The reported trigger is specific. A client changes window attributes, then forces screen saver handling. The vulnerable server path can read from freed memory during CreateSaverWindow(). The result is information disclosure, not direct code execution based on current public scoring.

The CVSS vector explains the exposure:

  • AV:L: attack vector is local.
  • AC:L: attack complexity is low.
  • PR:L: low privileges are required.
  • UI:N: no user interaction is required after the attacker has local client capability.
  • S:U: scope is unchanged.
  • C:H: confidentiality impact is high.
  • I:N: no integrity impact is scored.
  • A:N: no availability impact is scored.

The high confidentiality rating matters. Display servers may handle sensitive desktop state, window metadata, graphical buffers, and process-adjacent information. A read from freed memory can expose data from previous allocations. Exact exposure depends on allocator behavior, build options, desktop workload, and timing.

Xwayland is also in scope. Xwayland provides X11 compatibility for applications running inside Wayland sessions. Many modern Linux desktops use Wayland by default but still launch Xwayland for older X11 applications. That means Wayland adoption does not automatically remove this issue if Xwayland remains installed and reachable by local applications.

Mitigation

Patch first.

Install vendor updates for X.Org X server and Xwayland as soon as they are available. Use your distribution security channel, not random third-party builds. Red Hat tracks the issue at its CVE-2026-50263 advisory page. Other distributions should publish package-specific advisories if their shipped builds are affected.

If no package is available, review the upstream freedesktop.org fix and apply it through your normal build pipeline. The referenced fix is in the xorg/xserver repository. Validate ABI and packaging impact before pushing custom builds to production desktops or VDI pools.

Reduce exposure while patching:

  • Do not allow untrusted local users to run graphical clients on shared systems.
  • Limit access to shared workstations, jump hosts, lab machines, and VDI images.
  • Review use of xhost, forwarded X11 sessions, and permissive display access controls.
  • Prefer isolated desktop sessions for users with different trust levels.
  • Remove unused Xwayland packages only where application compatibility has been tested.
  • Monitor vendor advisories for exact package versions and backported fixes.
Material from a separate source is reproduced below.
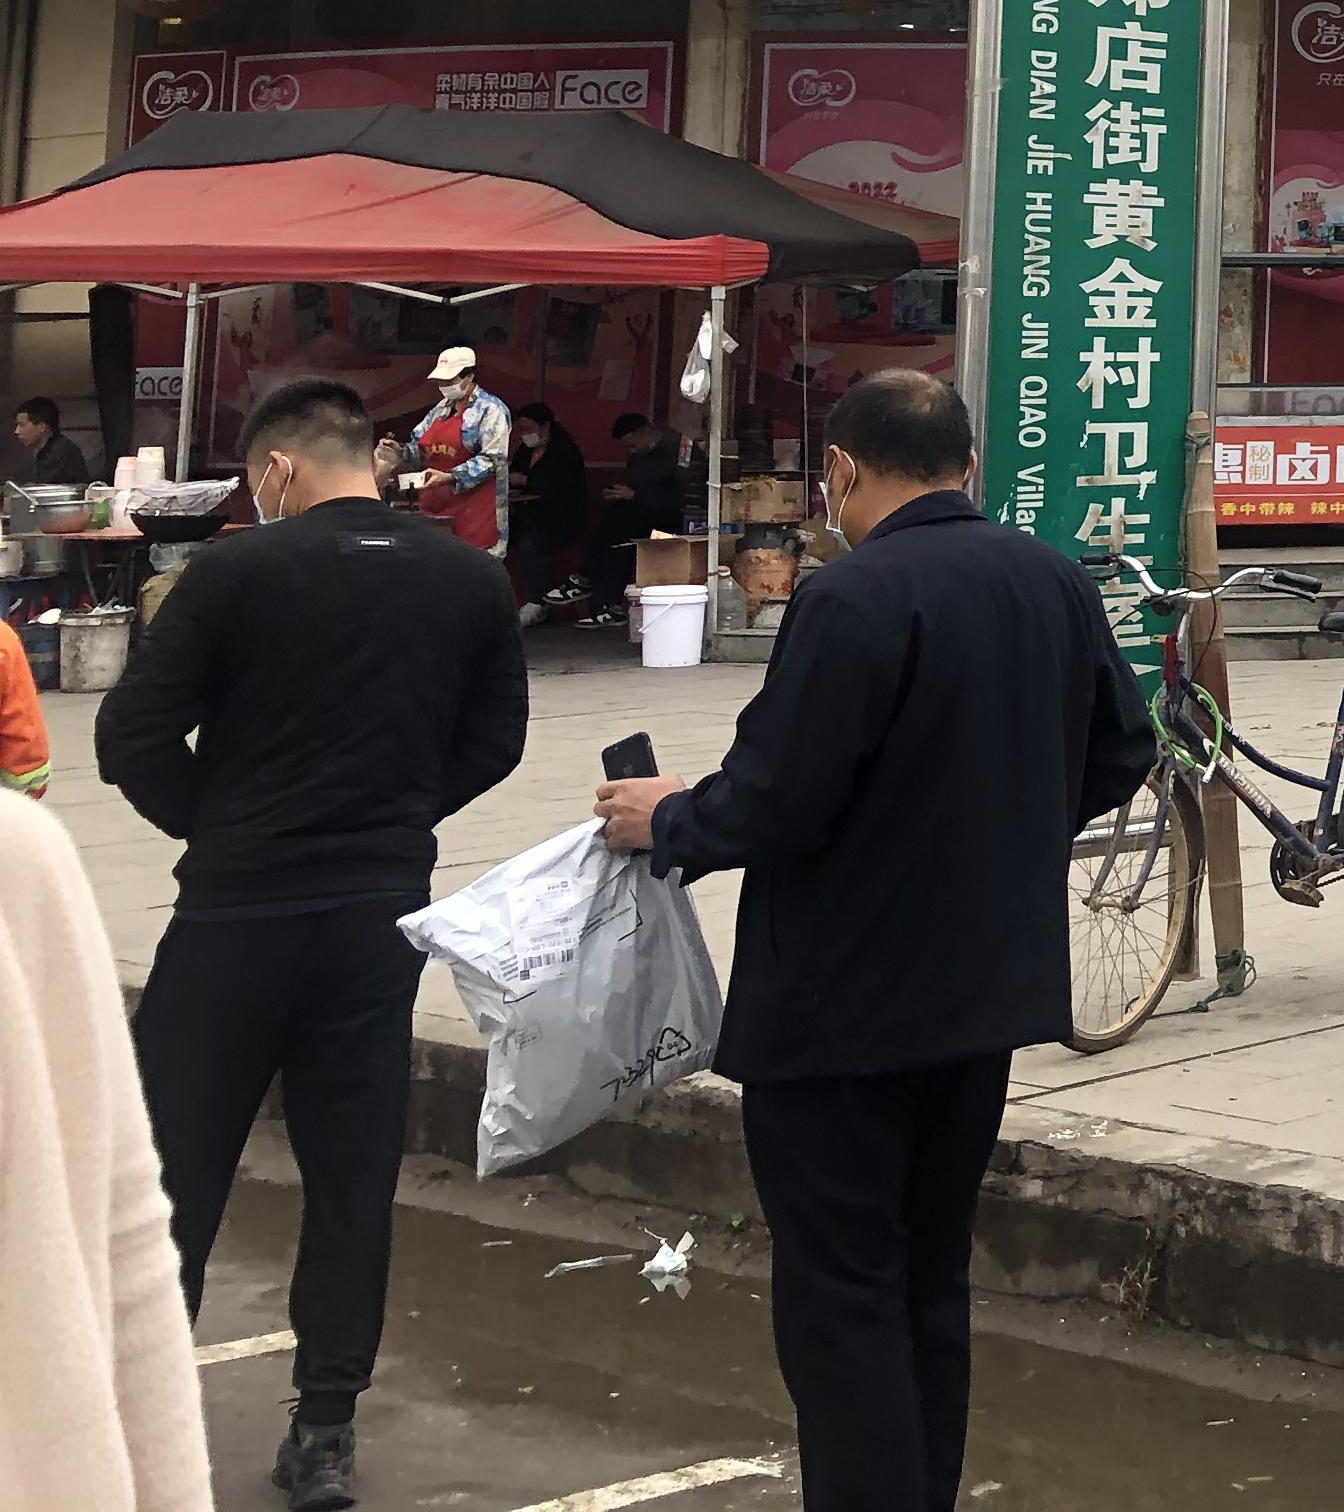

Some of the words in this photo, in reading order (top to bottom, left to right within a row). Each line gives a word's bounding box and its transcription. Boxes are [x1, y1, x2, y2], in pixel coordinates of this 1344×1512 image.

Do not rely only on the upstream version number. Linux distributions often backport security fixes without moving to the newest upstream release. Confirm the patched package build from the vendor advisory or changelog.

Timeline

NVD published CVE-2026-50263 on June 5, 2026. NVD listed the record as undergoing enrichment at publication time. Red Hat supplied the CNA CVSS 3.1 score, CWE mapping, description, and references.

As of June 11, 2026, the public NVD entry identifies the flaw as a use-after-free read in X.Org X server and Xwayland. It lists CVSS 3.1 score 5.5 Medium. It does not list NVD-assigned CVSS 4.0 or full affected CPE data yet.

The operational action is clear. Inventory X.Org X server and Xwayland packages. Apply vendor fixes. Treat shared graphical environments as higher priority because local client boundaries are weaker there.